Is your argument that Clinton should have volunteered that fact somehow? As you note, it wasn’t a secret — a State Department spokesperson acknowledged that in March 2015. That hardly seems grounds for calling her account misleading or incomplete.

Steve Chien
San Carlos, California

 

Tax Cuts and Economic Growth

In a recent fact-check on comments made by Jeb Bush on a Sunday news show [“Jeb Bush on Poverty, Economic Growth,” Sept. 30], you said that average annual growth under [George W. Bush] was about 2 percent. Gov. Bush had claimed that tax cuts under his brother had led to dynamic growth in the economy.

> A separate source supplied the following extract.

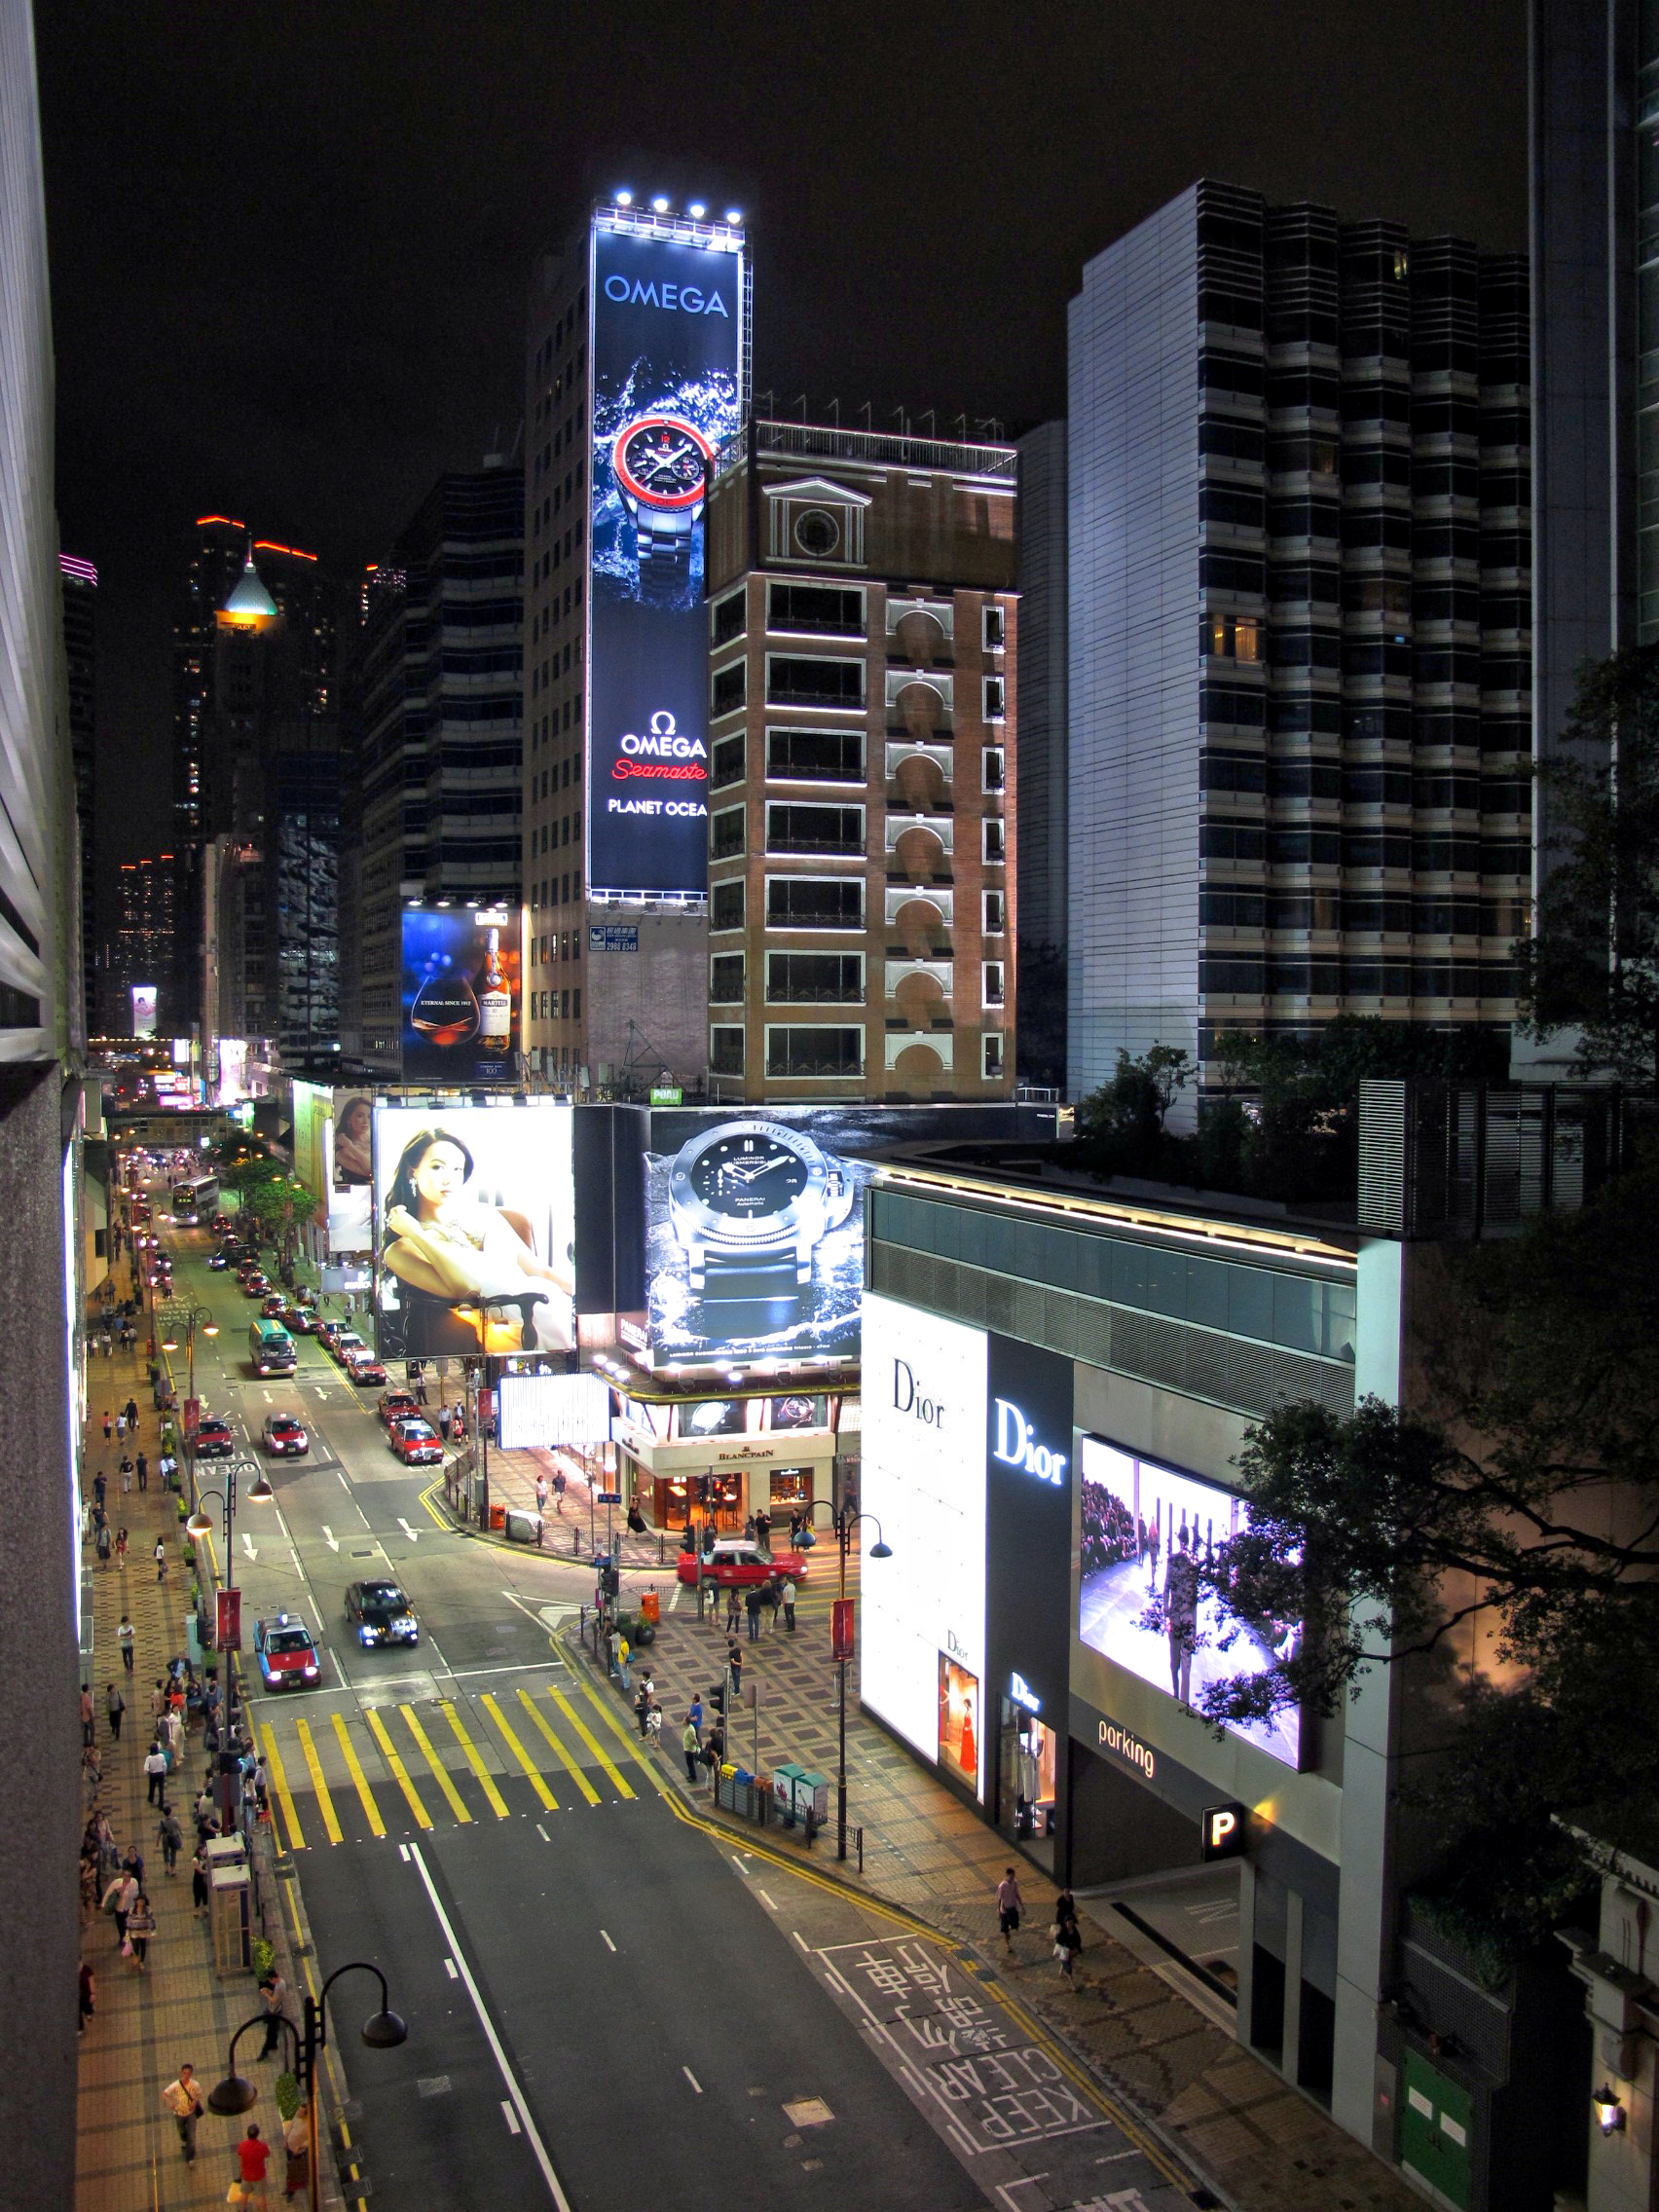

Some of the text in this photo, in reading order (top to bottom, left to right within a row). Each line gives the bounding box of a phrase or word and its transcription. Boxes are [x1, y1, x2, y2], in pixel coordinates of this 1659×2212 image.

It seems to me that in the last year or so of President Bush’s time in office, we were in a recessionary cycle caused, in no small part, by failures in the banking system and the resulting significant reduction in the amount of capital available for lending.

While there are significant conflicting opinions on the impact of tax rates on economic growth rates, I don’t think there should be much debate that the economic issues facing this country in the latter part of President Bush’s time in office were impacted, one way or the other, by the various tax rates. Accordingly, it would be more meaningful to measure the average growth rate of the economy between the time that the tax cuts were enacted and the beginning of the recessionary cycle referenced above. Further, I think it would be more telling to compare that average growth rate against the average growth rate PRIOR to the tax cuts. These calculations would be a better indicator of the impact of tax cuts on economic growth and the validity of Gov. Bush’s claims.